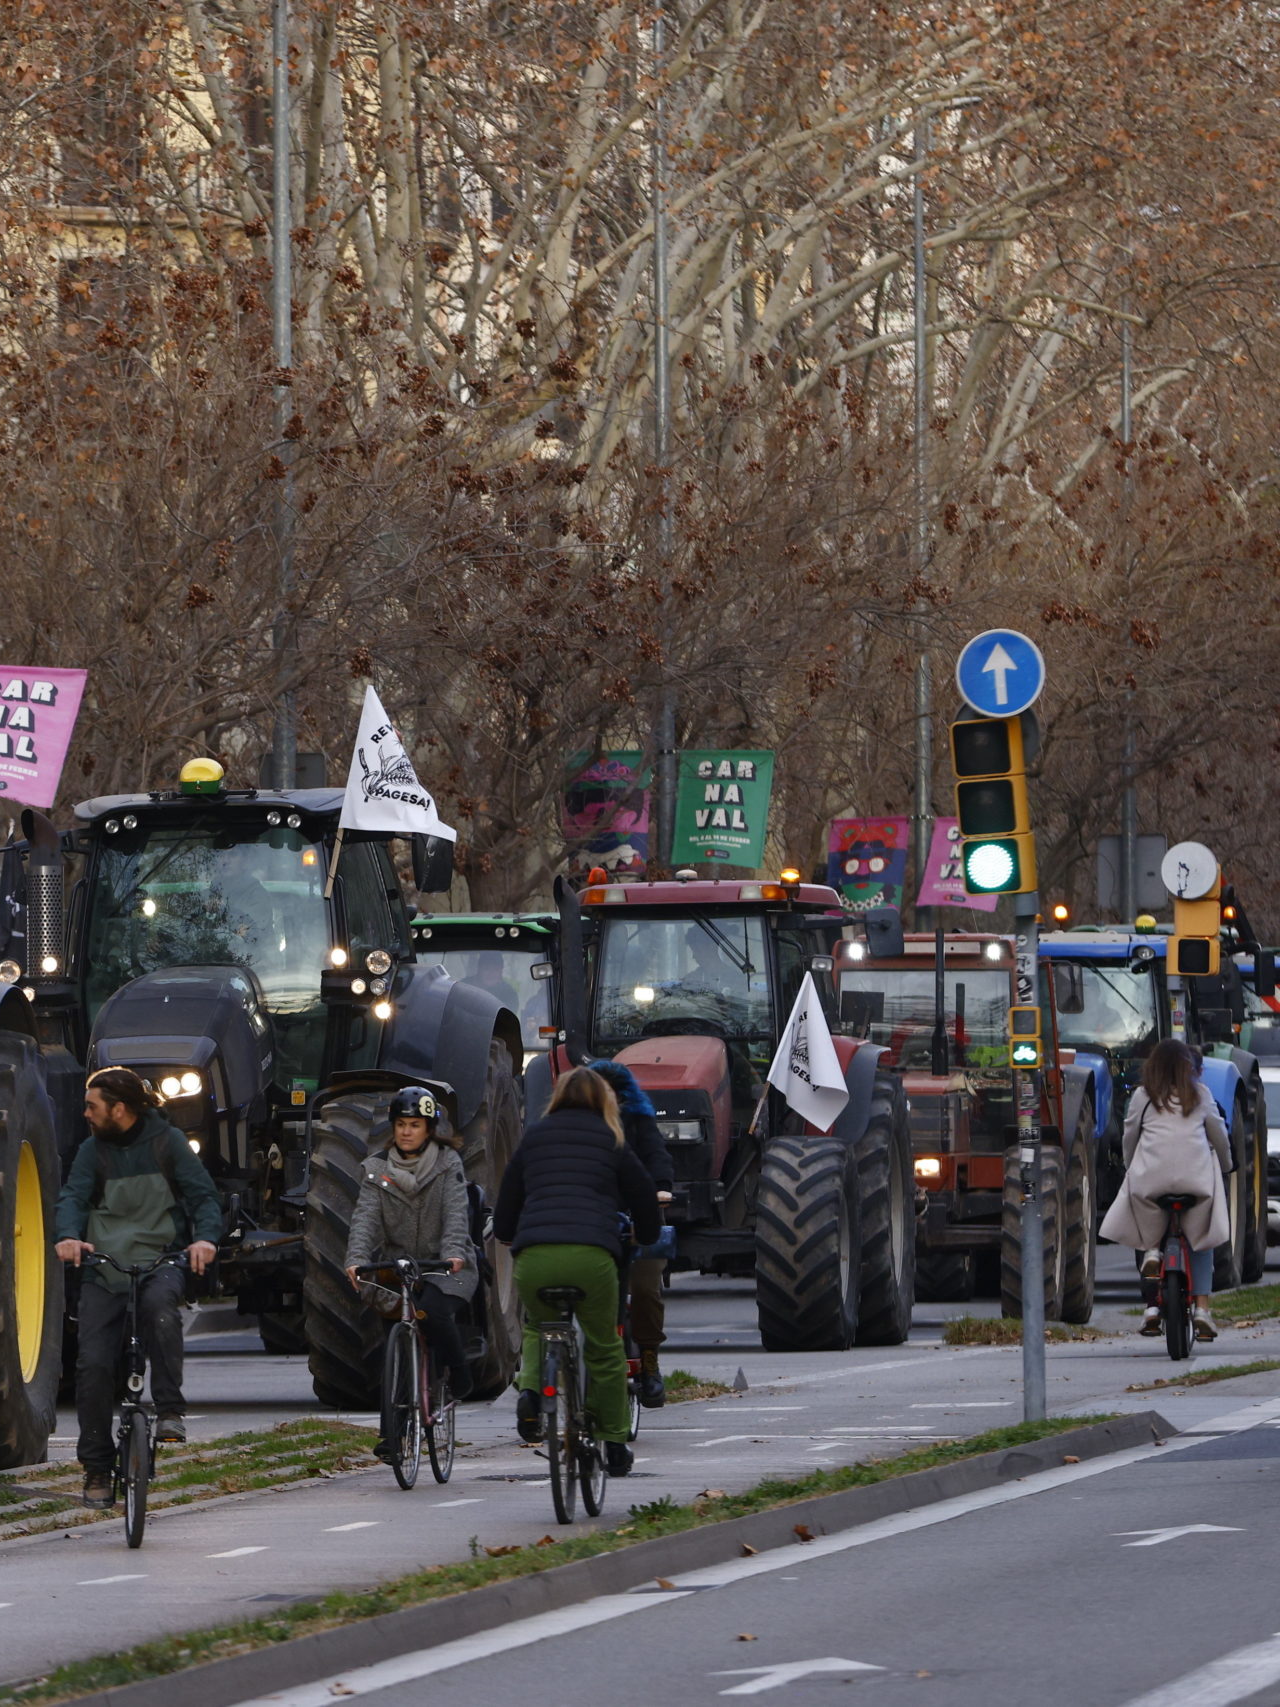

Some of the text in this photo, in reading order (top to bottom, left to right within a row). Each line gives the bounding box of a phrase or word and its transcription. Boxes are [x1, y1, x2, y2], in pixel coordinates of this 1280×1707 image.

[698, 760, 757, 781] CAR
[375, 786, 431, 811] PAGESA!
[704, 783, 744, 806] NA
[695, 808, 749, 832] VAL
[424, 1100, 433, 1114] 8
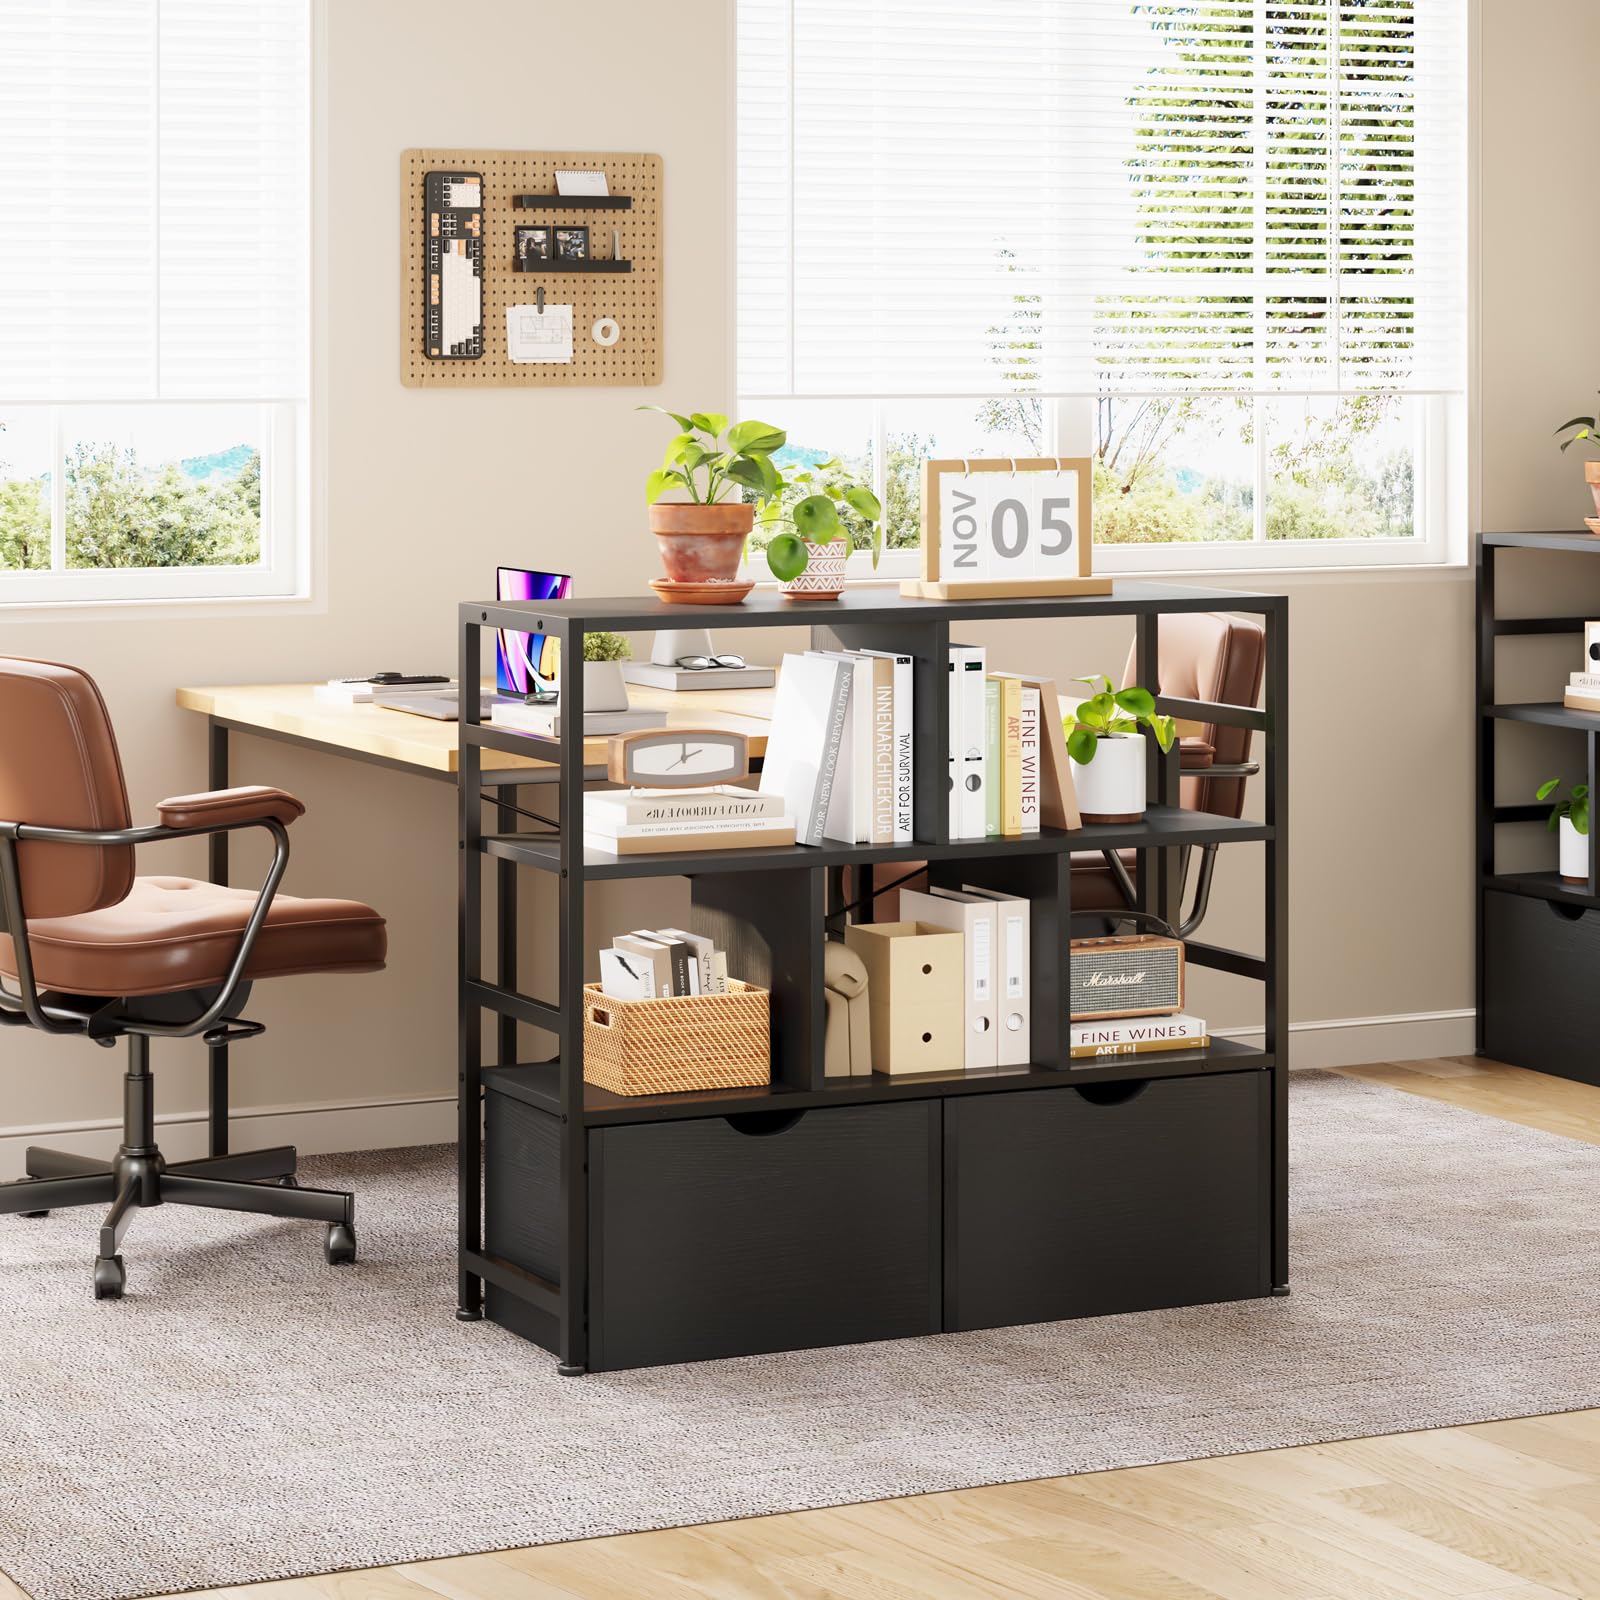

★ ★ ★

▶ [Task objective]
Output the full listing above exactly, excluding all pictures.

▶ [Task response]
Some of the text in this photo, in reading order (top to bottom, left to right within a row). Each line gives the bounding box of a phrase or word and its transcription. Boxes are [x1, y1, x2, y2], in pixel coordinates of this 1280×1707 image.

[698, 760, 757, 781] CAR
[375, 786, 431, 811] PAGESA!
[704, 783, 744, 806] NA
[695, 808, 749, 832] VAL
[424, 1100, 433, 1114] 8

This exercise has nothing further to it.